**What to do**. All of the records below must be reproduced exactly, minus any pictures.

-*-

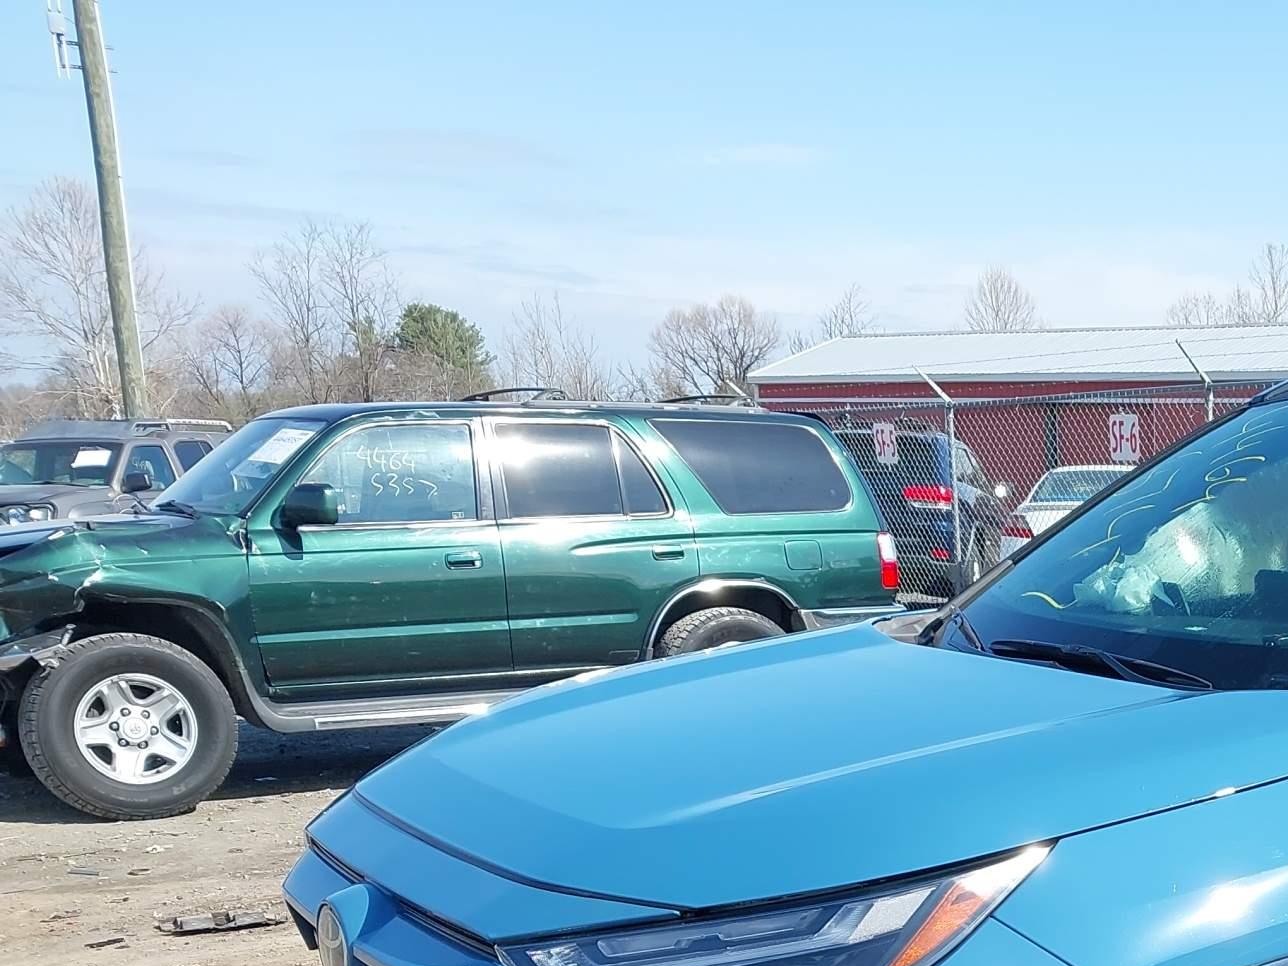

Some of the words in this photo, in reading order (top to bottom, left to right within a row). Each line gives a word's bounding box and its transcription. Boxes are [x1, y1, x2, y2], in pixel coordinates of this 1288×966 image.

[875, 428, 896, 458] SF-5
[1111, 420, 1138, 454] SF-6
[356, 444, 416, 474] 4464
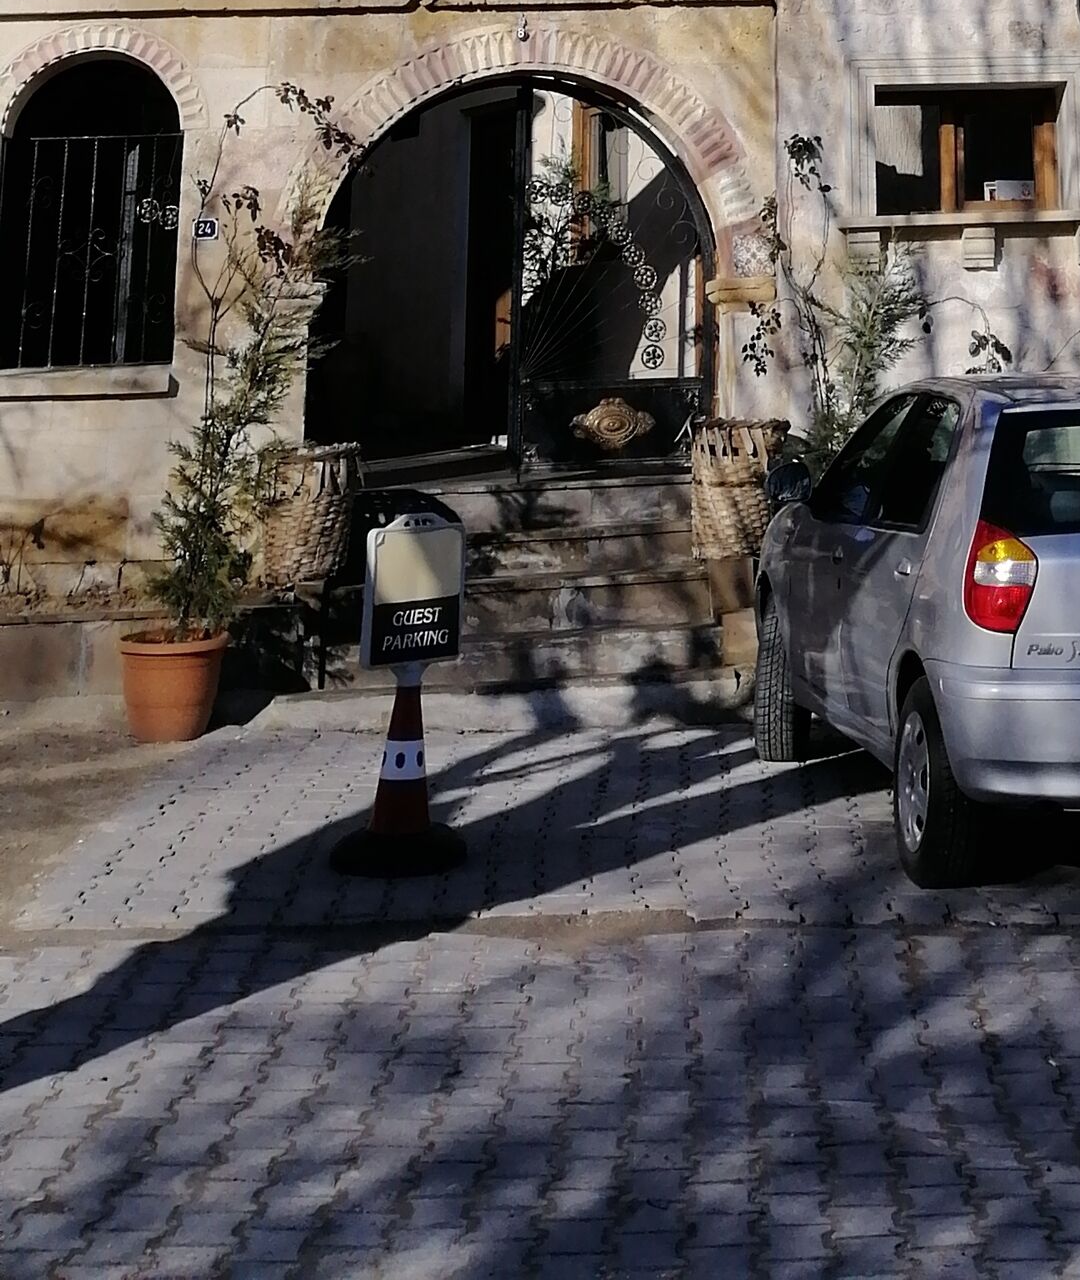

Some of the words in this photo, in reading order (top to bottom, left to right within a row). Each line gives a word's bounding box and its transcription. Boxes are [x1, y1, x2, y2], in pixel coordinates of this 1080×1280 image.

[198, 223, 211, 234] 24
[393, 607, 442, 626] GUEST
[382, 629, 449, 651] PARKING

-*-

**Output of the exercise**.
Some of the words in this photo, in reading order (top to bottom, left to right within a row). Each line gives a word's bounding box and its transcription. Boxes are [x1, y1, x2, y2], in pixel coordinates of this 1288×966 image.

[875, 428, 896, 458] SF-5
[1111, 420, 1138, 454] SF-6
[356, 444, 416, 474] 4464

Some of the words in this photo, in reading order (top to bottom, left to right within a row). Each line gives a word's bounding box and its transcription. Boxes are [x1, y1, x2, y2], in pixel coordinates of this 1080×1280 image.

[198, 223, 211, 234] 24
[393, 607, 442, 626] GUEST
[382, 629, 449, 651] PARKING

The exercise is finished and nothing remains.